A better way to identify, stop invasive green crabs in Washington

Invasive European green crabs continue to pose a threat to the Pacific Northwest, and Washington State Department of Fish and Wildlife (WDFW) has shared new information to help the community identify the crabs. 

WDFW says everyday Washingtonians can help our community by documenting and reporting invasive European green crab sightings on their website.  

European green crabs are often confused with native shore and kelp crabs. While the key indicator of a green crab is its color, they can also appear yellow or orange, especially on their underside, legs, and claws. 

According to Washington Sea Grant Jeff Adams, counting the five "teeth" on either edge of their shell is the best method to distinguish green crabs from other noninvasive species.

European green crabs thrive in shallow water and soft sediment, which Washington’s estuaries provide.
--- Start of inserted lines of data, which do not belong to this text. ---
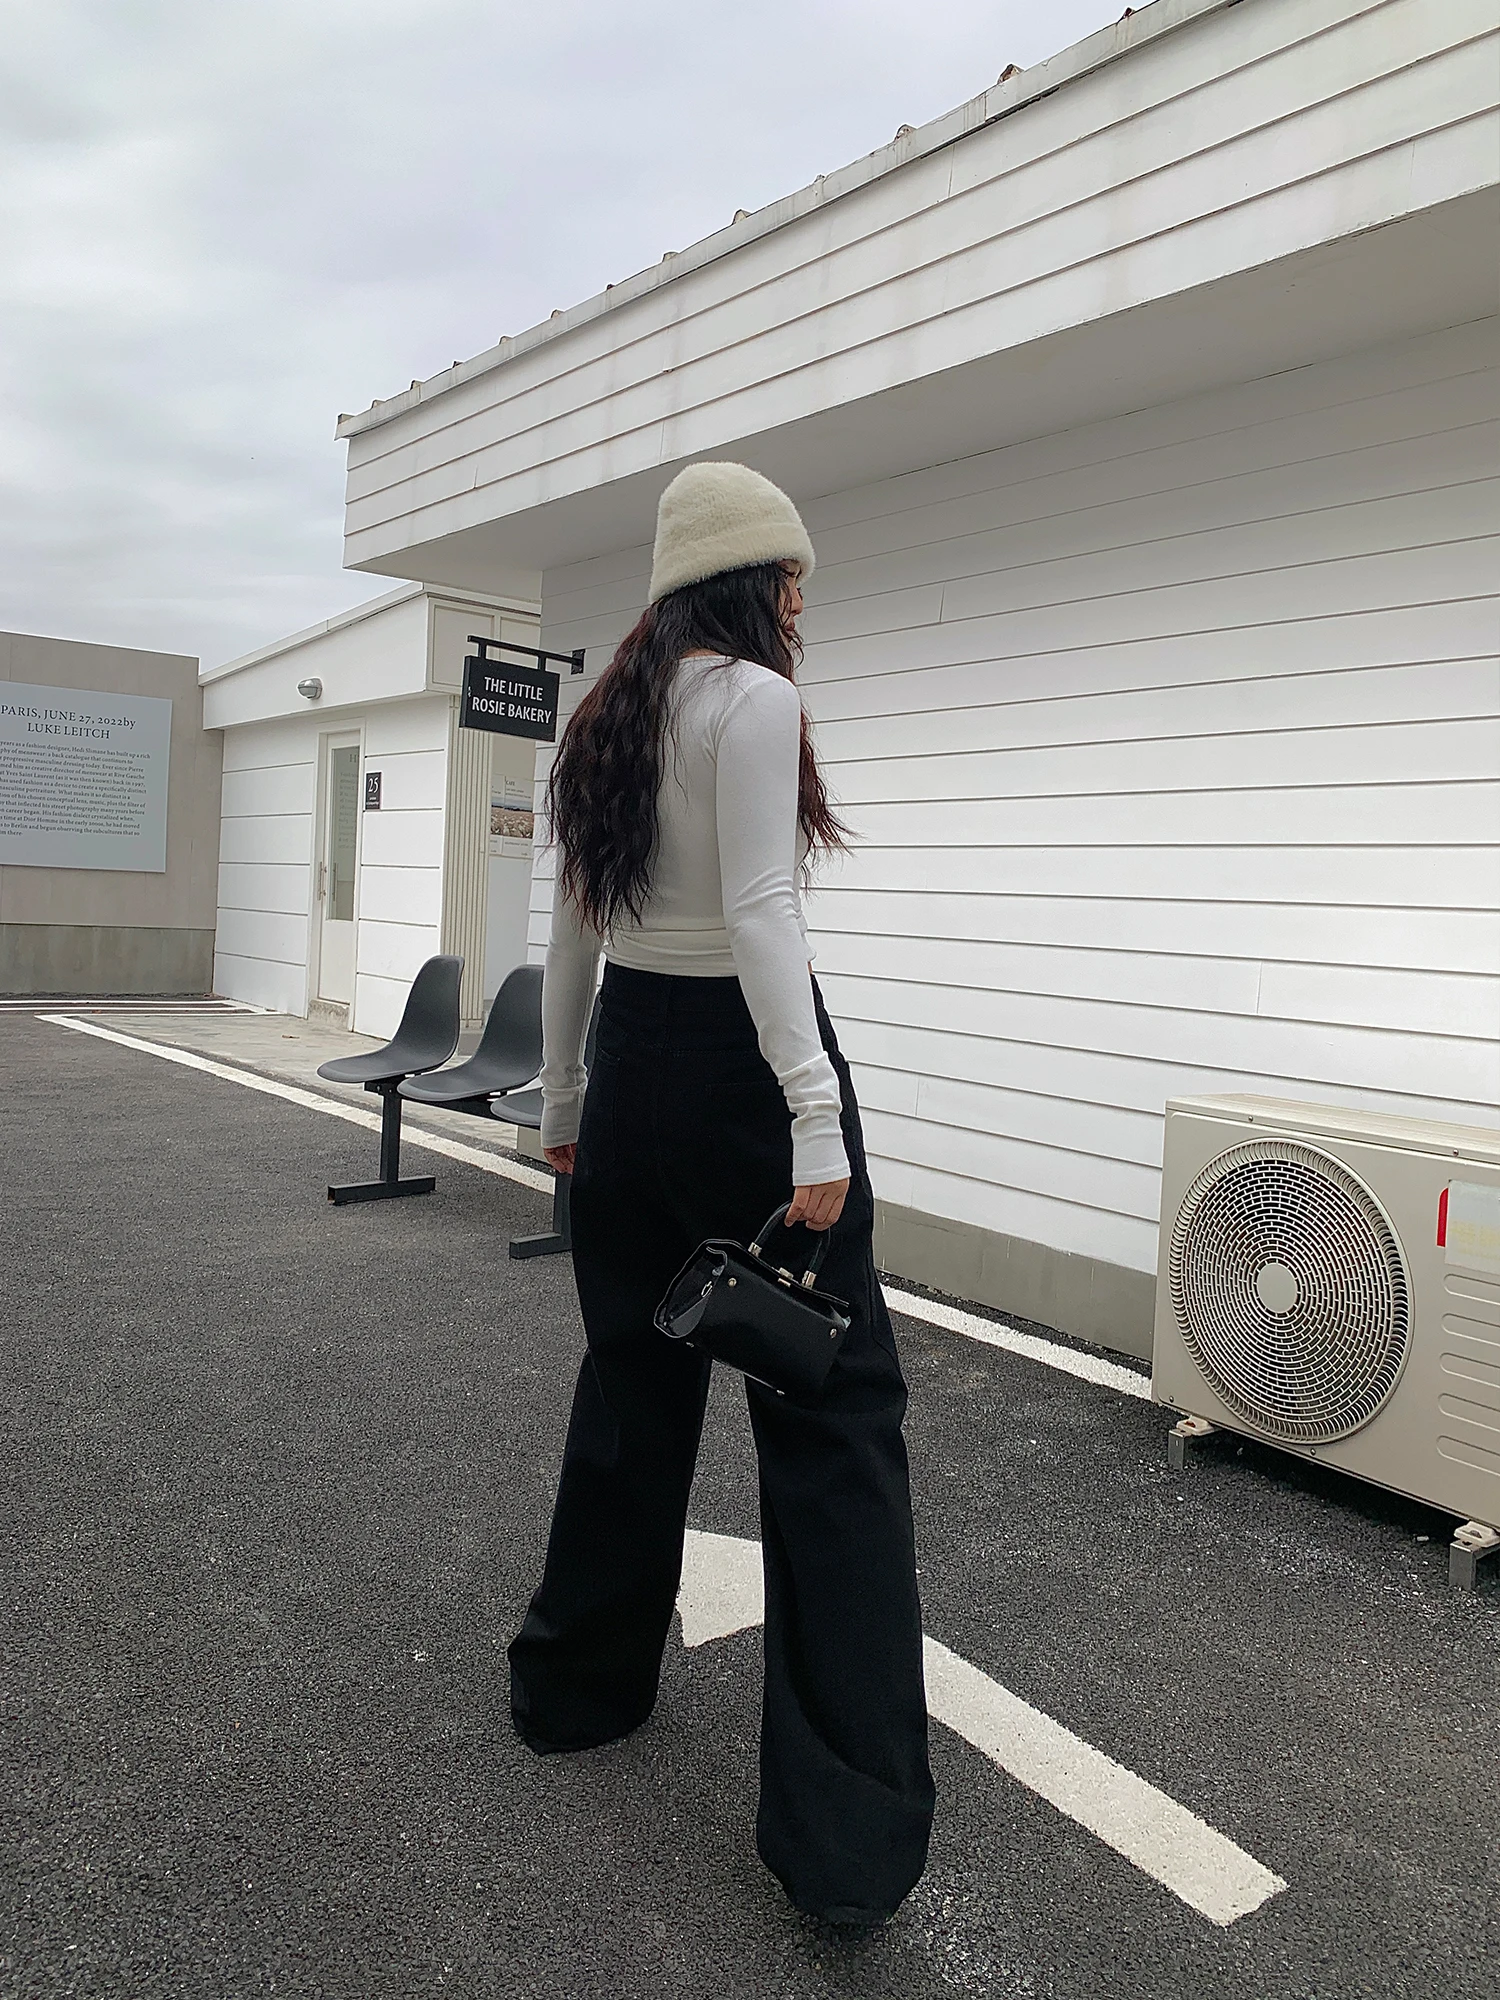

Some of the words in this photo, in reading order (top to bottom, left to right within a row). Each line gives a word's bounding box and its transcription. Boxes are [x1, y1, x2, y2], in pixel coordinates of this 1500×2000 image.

[484, 676, 506, 694] THE
[508, 681, 544, 702] LITTLE
[1, 705, 41, 718] PARIS,
[44, 709, 76, 722] JUNE
[78, 715, 94, 724] 27,
[98, 716, 136, 730] 2022by
[472, 696, 506, 716] ROSIE
[508, 703, 552, 724] BAKERY
[28, 722, 60, 735] LUKE
[64, 726, 110, 739] LEITCH
[47, 744, 70, 752] designer,
[63, 760, 84, 768] dressing
[368, 777, 378, 794] 25
[67, 805, 99, 813] photography
And over the past two years it seems the populations of green crab are exploding, especially on the coast.

According to WDFW’s website, European green crabs are a globally damaging invasive species that pose a threat to Washington's economic, environmental, and cultural resources. Potential impacts include destruction of eelgrass beds and estuarine marsh habitats, threats to the shellfish industry, the Dungeness crab fishery, salmon recovery, and other ecological impacts to food webs.

The Washington Department of Fish and Wildlife has allocated some $2.2 million to fighting the spread of European green crabs. That’s more than a third of its $6 million aquatic invasive species budget for the 2021-2023 biennium.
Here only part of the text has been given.